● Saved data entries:
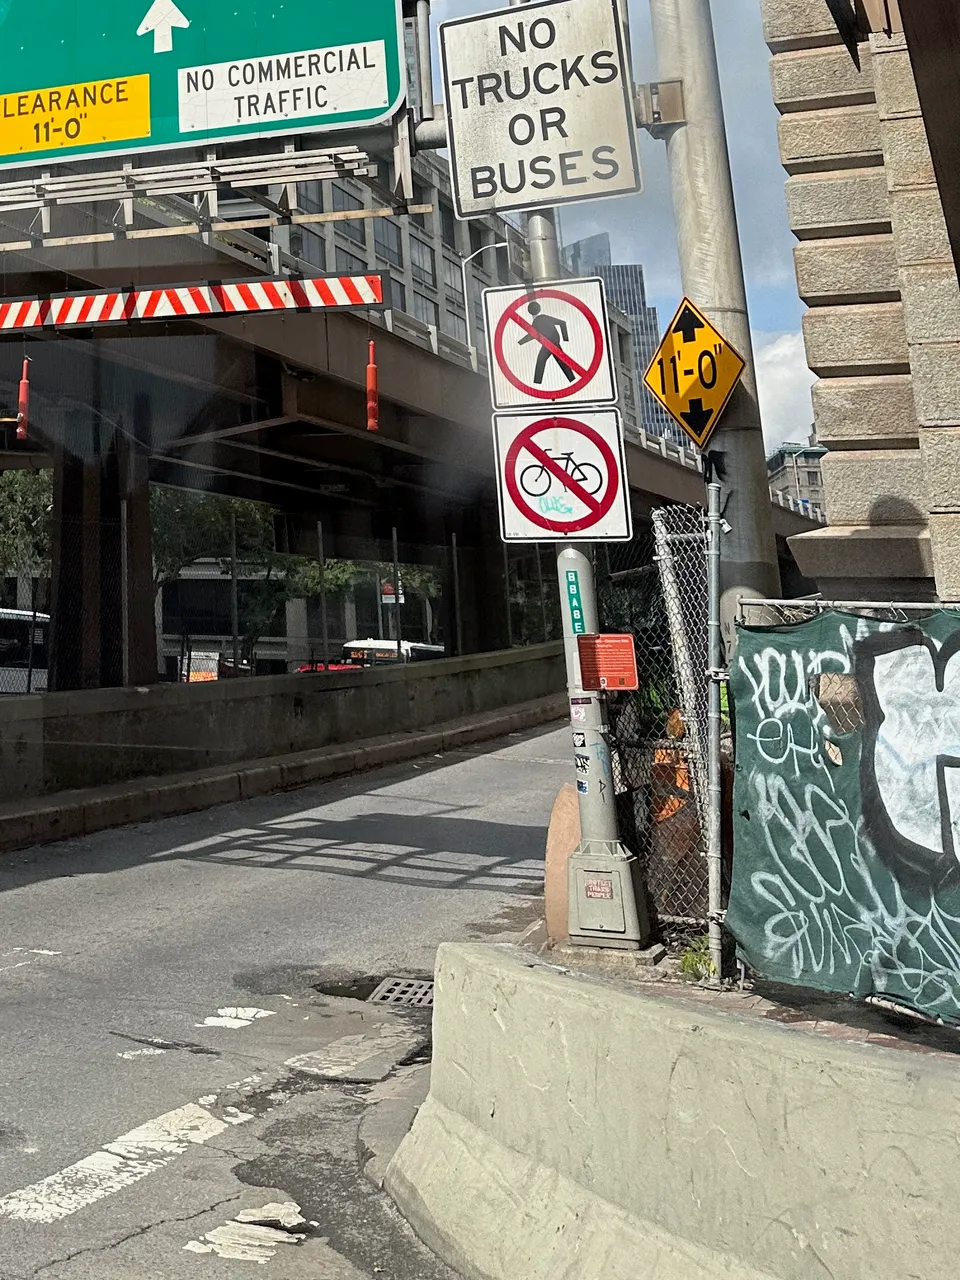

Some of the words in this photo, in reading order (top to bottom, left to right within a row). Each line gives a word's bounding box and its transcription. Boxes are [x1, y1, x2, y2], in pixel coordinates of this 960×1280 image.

[499, 18, 556, 56] NO
[186, 68, 214, 92] NO
[227, 45, 376, 87] COMMERCIAL
[451, 51, 618, 108] TRUCKS
[234, 85, 328, 118] TRAFFIC
[508, 107, 568, 145] OR
[470, 146, 620, 199] BUSES

● Problem description:
Without the pictures, return the entries exactly as they appear.

● Answer to this problem:
Some of the words in this photo, in reading order (top to bottom, left to right within a row). Each line gives a word's bounding box and its transcription. Boxes are [x1, y1, x2, y2], in pixel coordinates of this 960×1280 image.

[499, 18, 556, 56] NO
[186, 68, 214, 92] NO
[227, 45, 376, 87] COMMERCIAL
[451, 51, 618, 108] TRUCKS
[234, 85, 328, 118] TRAFFIC
[508, 107, 568, 145] OR
[470, 146, 620, 199] BUSES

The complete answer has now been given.